The fellow was in a fright; it looked a nasty drop to the left.  Being
busy with his horse he dropped the leading-rein.  I wrenched my hands
free, brought my horse round on his hind legs--for an instant his
forelegs were fairly dangling over the precipice--and then drove him
straight for the man behind, wedging in between him and the cliff.
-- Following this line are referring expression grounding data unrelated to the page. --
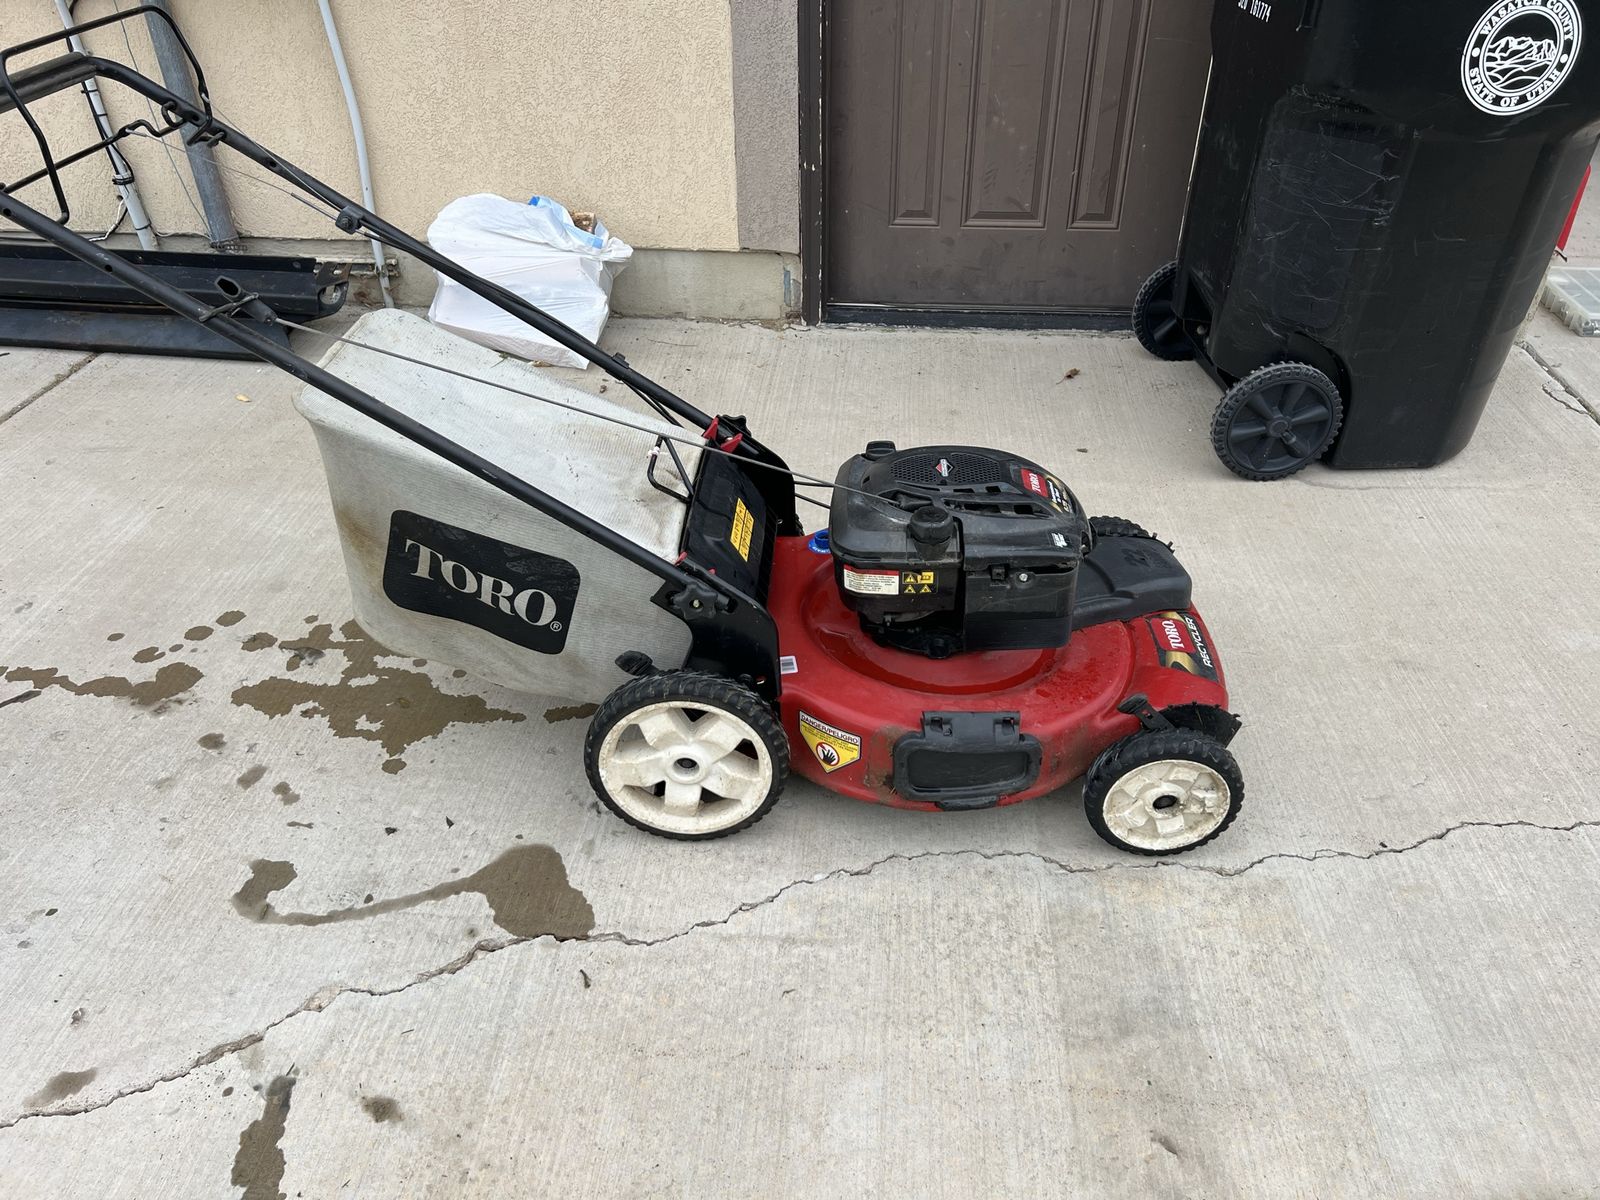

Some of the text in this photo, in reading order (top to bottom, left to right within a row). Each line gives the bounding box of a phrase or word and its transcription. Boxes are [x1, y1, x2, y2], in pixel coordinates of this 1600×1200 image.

[1480, 0, 1573, 40] WASATCH COUNTY
[1469, 67, 1560, 107] STATE OF UTAH
[1029, 472, 1041, 492] TORO
[405, 539, 557, 626] TORO
[1161, 619, 1185, 649] TORO
[1184, 615, 1213, 668] RECYCLER
"The path was narrow, as I said.  There wasn’t room for two, and as I’d
got the inside, the other fellow simply had to go over the precipice. He
went.  There was plenty of green stuff to break his fall, and I don’t
wish him any particular harm.  You may guess I didn’t wait to give him
my kind regards, but made off like the wind.  The Chief gave me a cheer.
Before I turned the corner that would hide me from the rest,
half-a-dozen shots were flying after me, and one of them struck my
horse.  But he kept on.  I got safe to the end of the ledge, and then
dived into the forest, where they might have hunted for a month of
Sundays without finding me.

"I dismounted as soon as I was pretty safe, and led the horse, but the
poor beast was done, and dropped after a few miles.  I didn’t feel very
happy.  You know what these forests are.  Let alone the chance of losing
yourself, there are too many jaguars and pumas and snakes to make
travelling on foot very pleasant.  All I’d got to defend myself with
was--what do you think?"

"What was it?"

"A two-bladed pen-knife, one blade broken, that had slipped into the
lining of my pocket and wasn’t discovered when they searched us before
tying us up.  It wouldn’t have scared a toad.  However, I’ve roughed it
all over the world too long to grizzle over what can’t be helped.  My
game clearly was to make for the Orinoco.  All roads lead to Rome, they
say: it’s certain that all streams in these parts lead to the Orinoco.
It struck me I’d be safest on water, so I made up my mind to stop at the
first stream I came to and build myself a raft.  Floating down with the
current I couldn’t fail to strike the Orinoco sooner or later."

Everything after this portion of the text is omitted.